## Exercise material
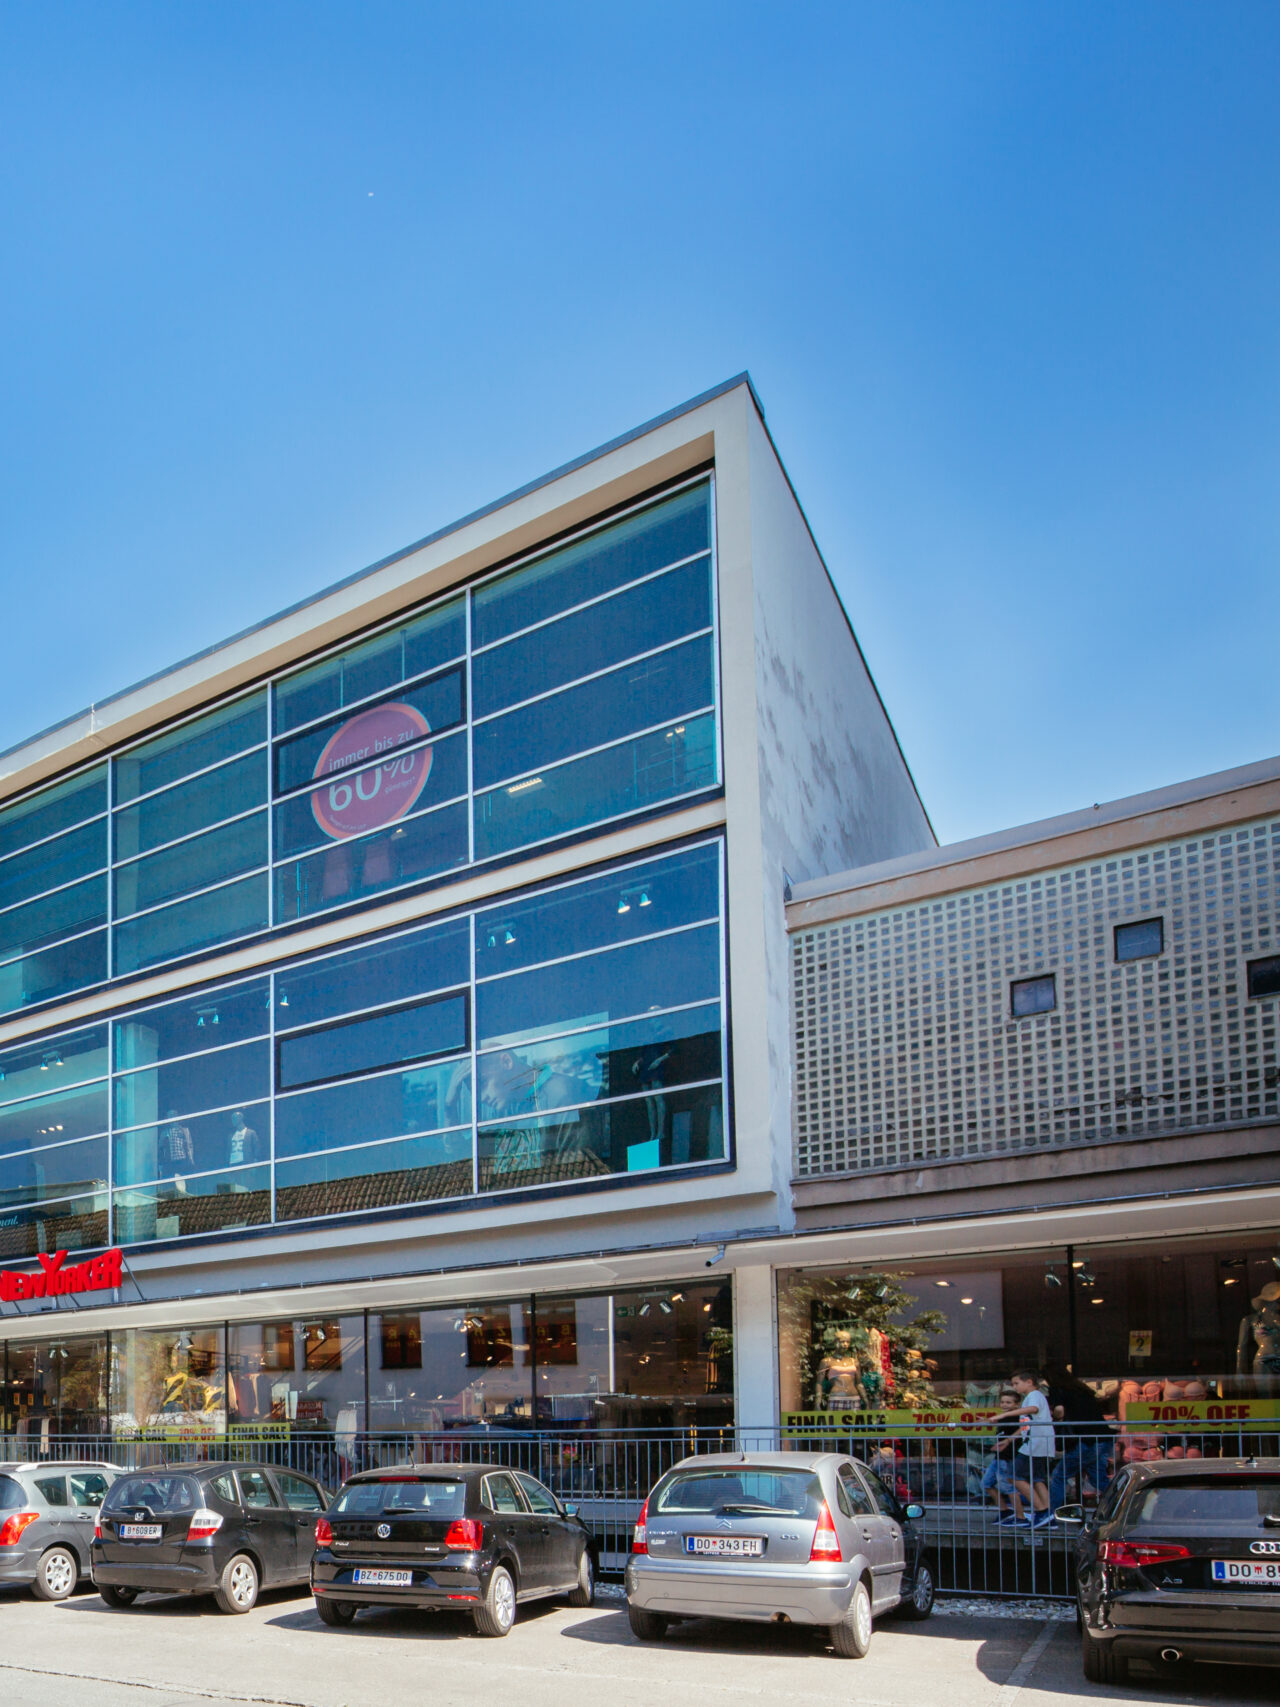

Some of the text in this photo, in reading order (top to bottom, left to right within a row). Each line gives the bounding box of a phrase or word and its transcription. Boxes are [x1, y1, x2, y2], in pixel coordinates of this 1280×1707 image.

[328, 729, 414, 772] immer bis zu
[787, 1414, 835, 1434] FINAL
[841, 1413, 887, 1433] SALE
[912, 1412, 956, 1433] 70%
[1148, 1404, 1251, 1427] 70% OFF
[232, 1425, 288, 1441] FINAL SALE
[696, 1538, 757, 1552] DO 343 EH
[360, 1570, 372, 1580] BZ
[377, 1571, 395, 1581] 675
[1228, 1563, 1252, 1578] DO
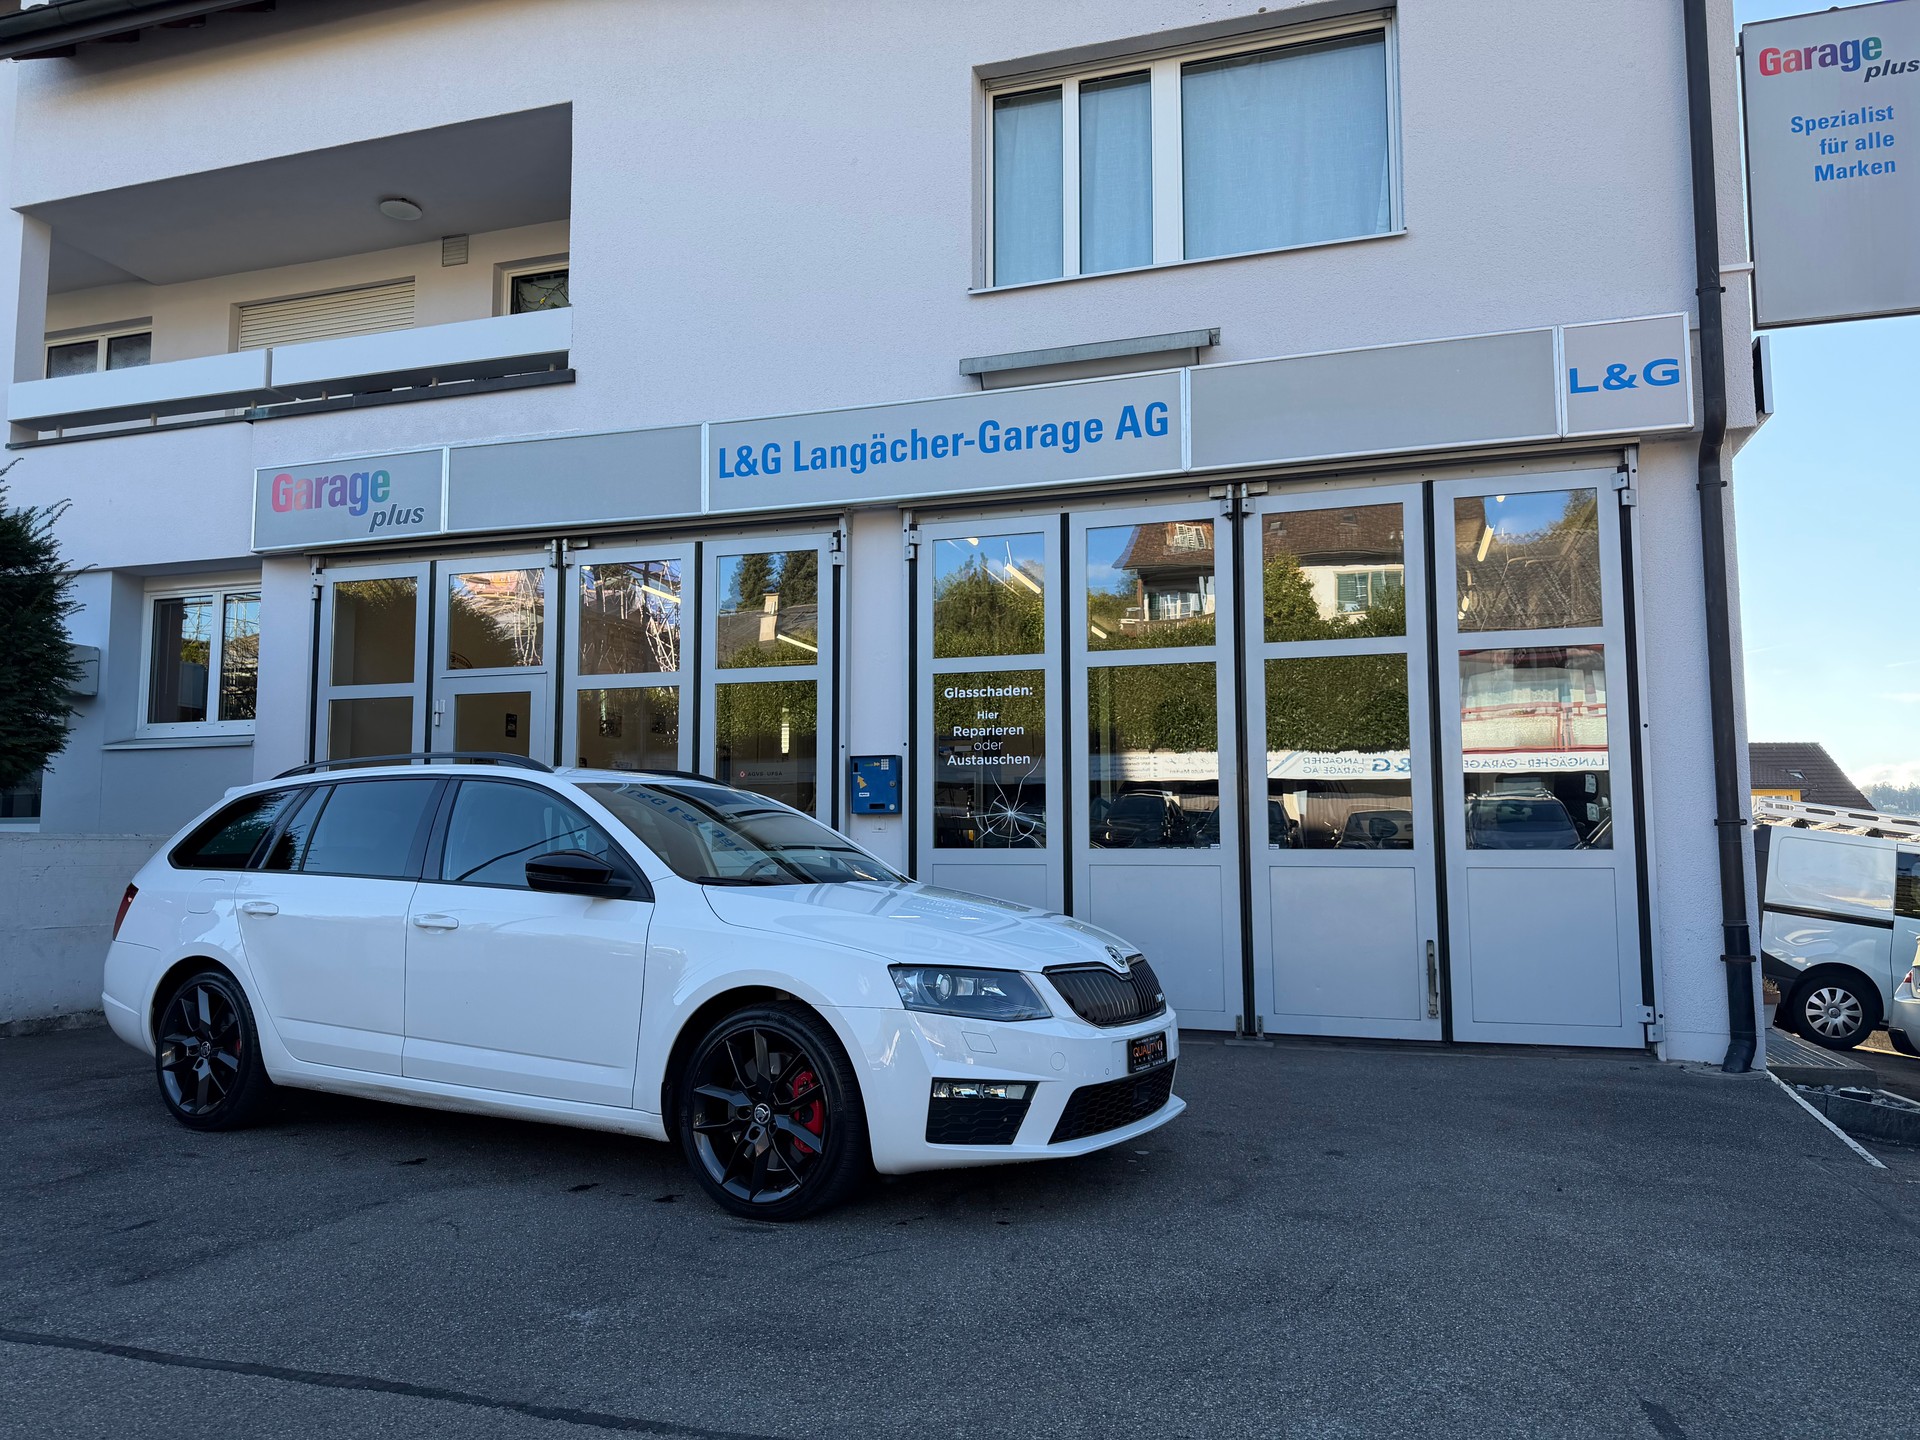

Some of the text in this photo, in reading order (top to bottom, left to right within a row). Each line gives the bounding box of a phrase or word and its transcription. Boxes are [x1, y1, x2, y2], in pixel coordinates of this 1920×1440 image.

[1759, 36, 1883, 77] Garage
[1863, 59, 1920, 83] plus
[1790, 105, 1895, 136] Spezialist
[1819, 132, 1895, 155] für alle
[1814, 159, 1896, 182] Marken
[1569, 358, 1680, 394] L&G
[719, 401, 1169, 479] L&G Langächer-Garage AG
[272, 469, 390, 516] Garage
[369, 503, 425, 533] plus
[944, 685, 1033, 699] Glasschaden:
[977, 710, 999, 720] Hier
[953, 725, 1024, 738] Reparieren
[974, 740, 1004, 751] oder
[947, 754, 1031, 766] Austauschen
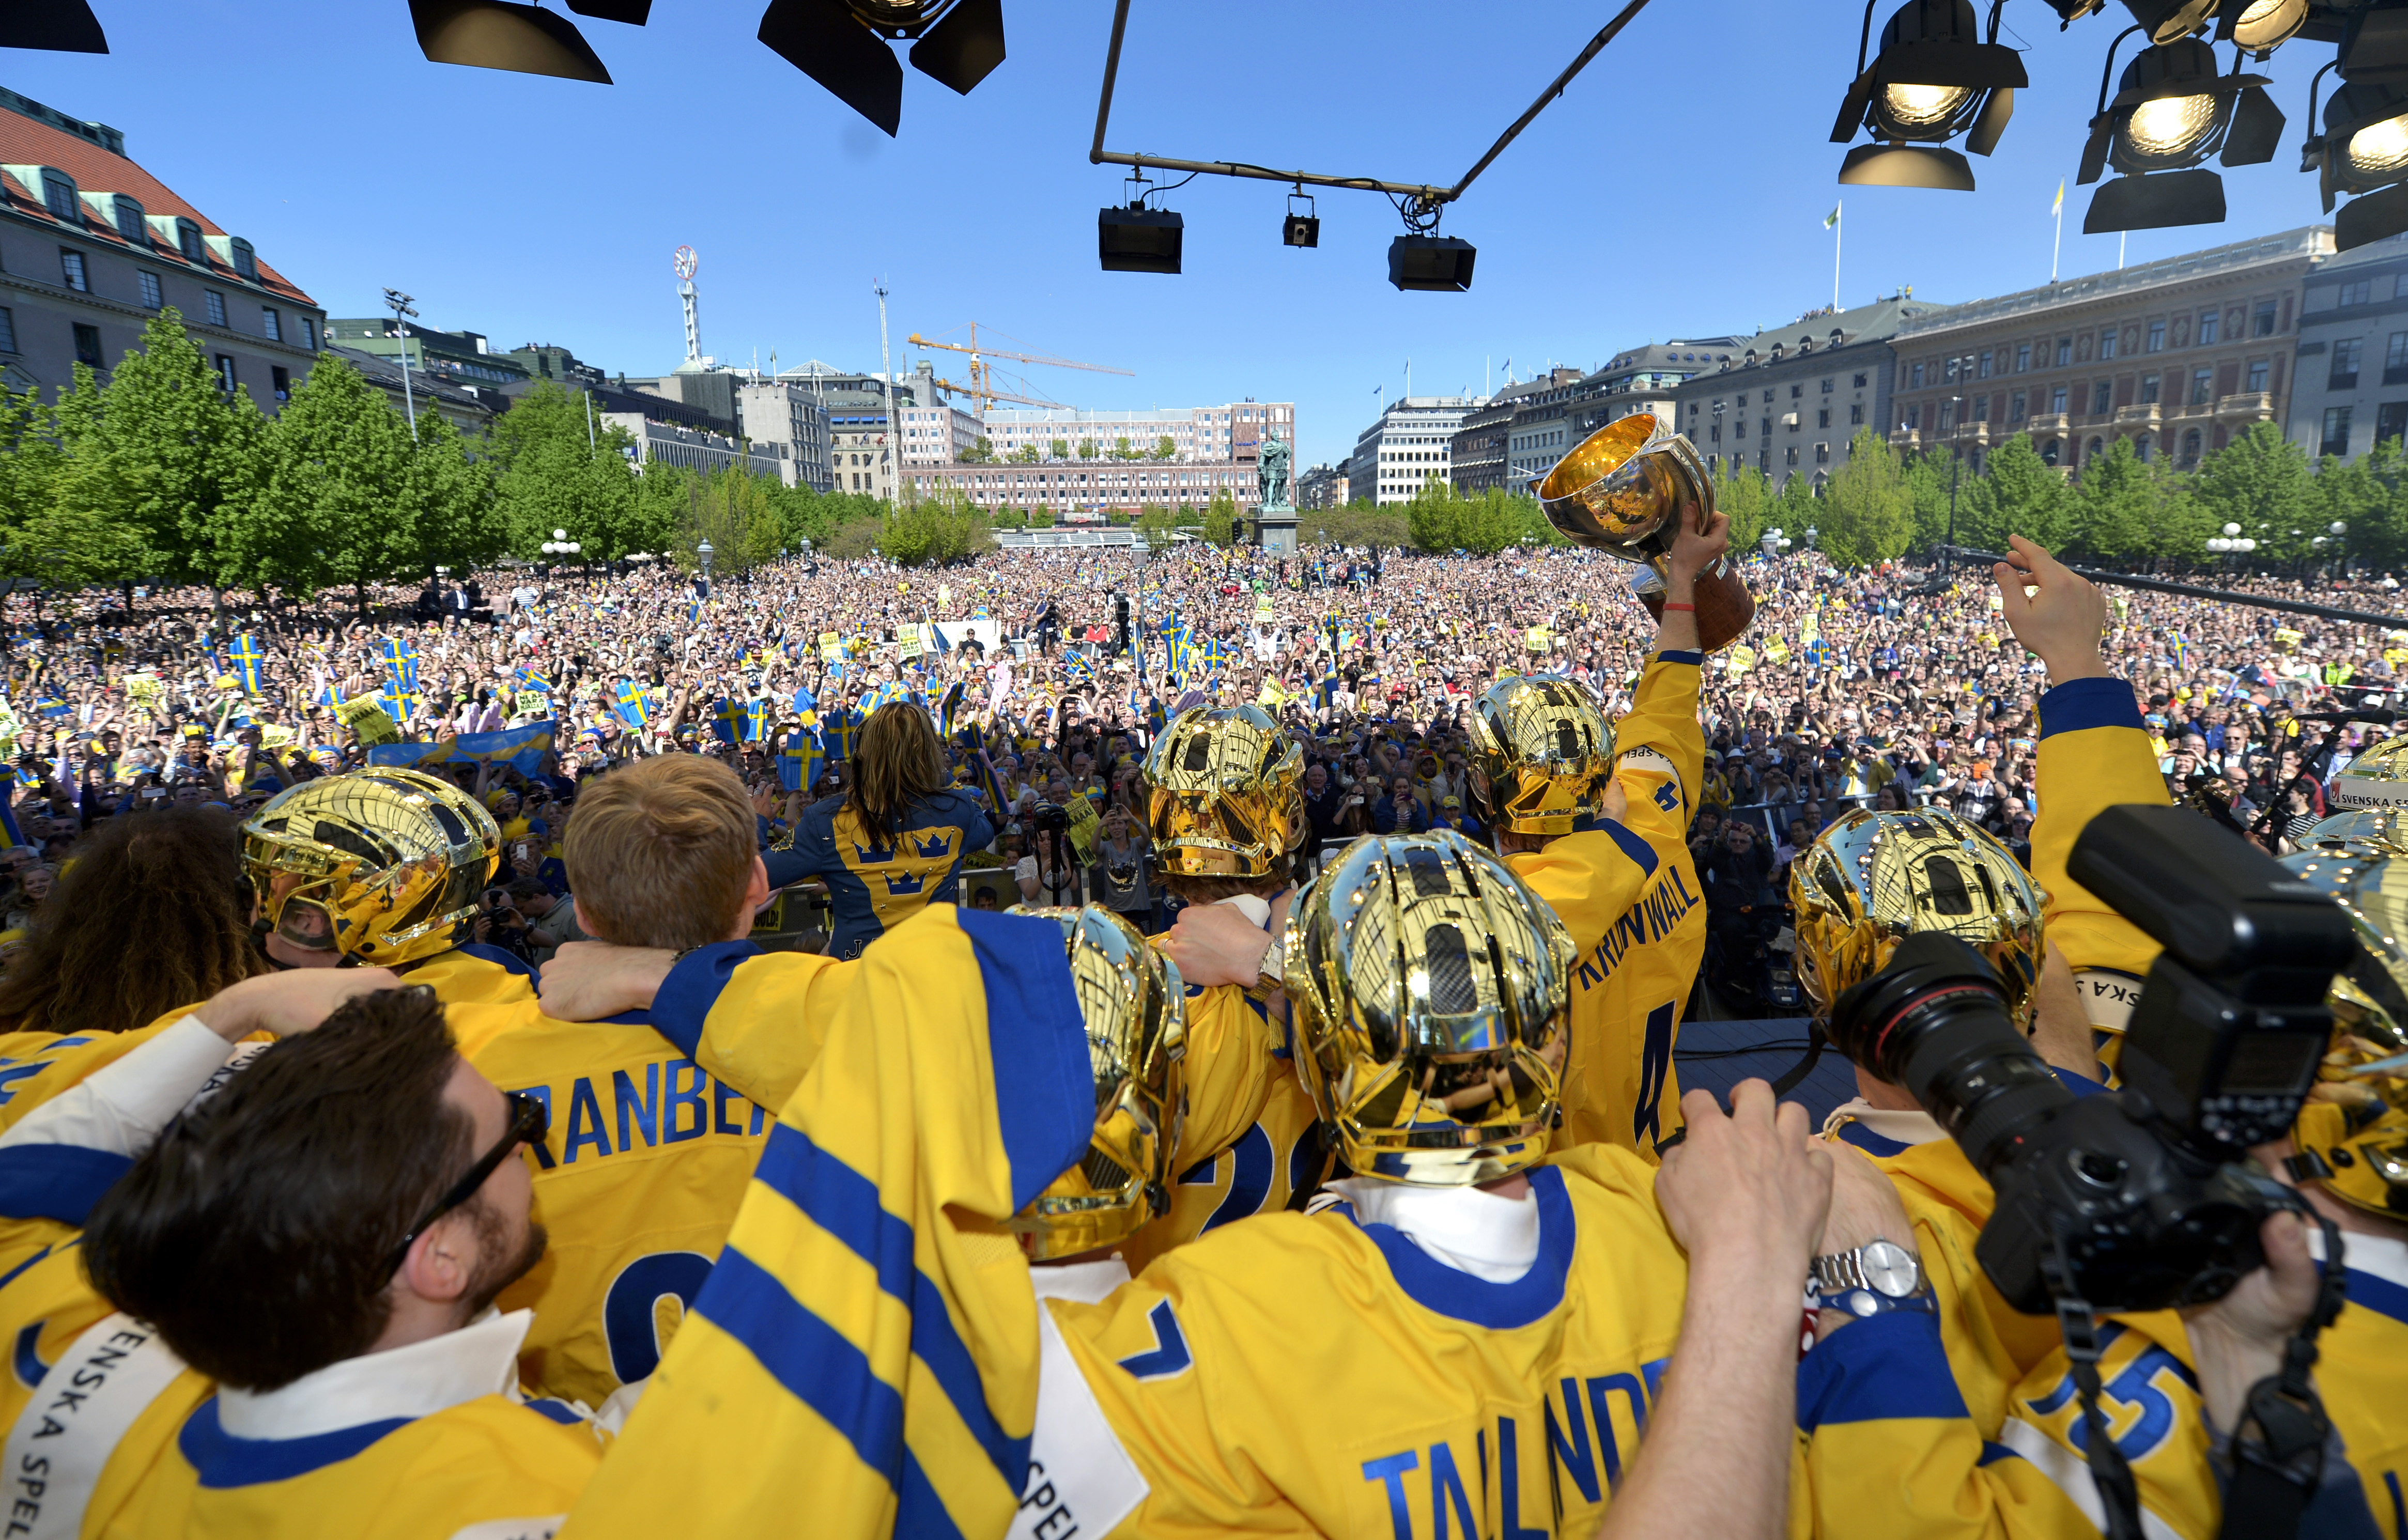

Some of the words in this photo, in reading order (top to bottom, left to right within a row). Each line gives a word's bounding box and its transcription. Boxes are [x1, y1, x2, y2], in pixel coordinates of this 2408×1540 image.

## Aim of the task
Restate word for word only the lines that run from the line holding "this 1920×1440 image." to the end of the data, both ends kept, leaving every picture out.

## Response to the exercise
Some of the text in this photo, in reading order (top to bottom, left to right within a row). Each line gives the bounding box of a phrase or word and its transcription. Boxes are [x1, y1, x2, y2], in pixel coordinates of this 1920×1440 image.

[1759, 36, 1883, 77] Garage
[1863, 59, 1920, 83] plus
[1790, 105, 1895, 136] Spezialist
[1819, 132, 1895, 155] für alle
[1814, 159, 1896, 182] Marken
[1569, 358, 1680, 394] L&G
[719, 401, 1169, 479] L&G Langächer-Garage AG
[272, 469, 390, 516] Garage
[369, 503, 425, 533] plus
[944, 685, 1033, 699] Glasschaden:
[977, 710, 999, 720] Hier
[953, 725, 1024, 738] Reparieren
[974, 740, 1004, 751] oder
[947, 754, 1031, 766] Austauschen

Some of the words in this photo, in reading order (top to bottom, left to right within a row). Each line gives a word's bounding box and its transcription. Boxes are [x1, y1, x2, y2], in pixel coordinates of this 2408×1540 image.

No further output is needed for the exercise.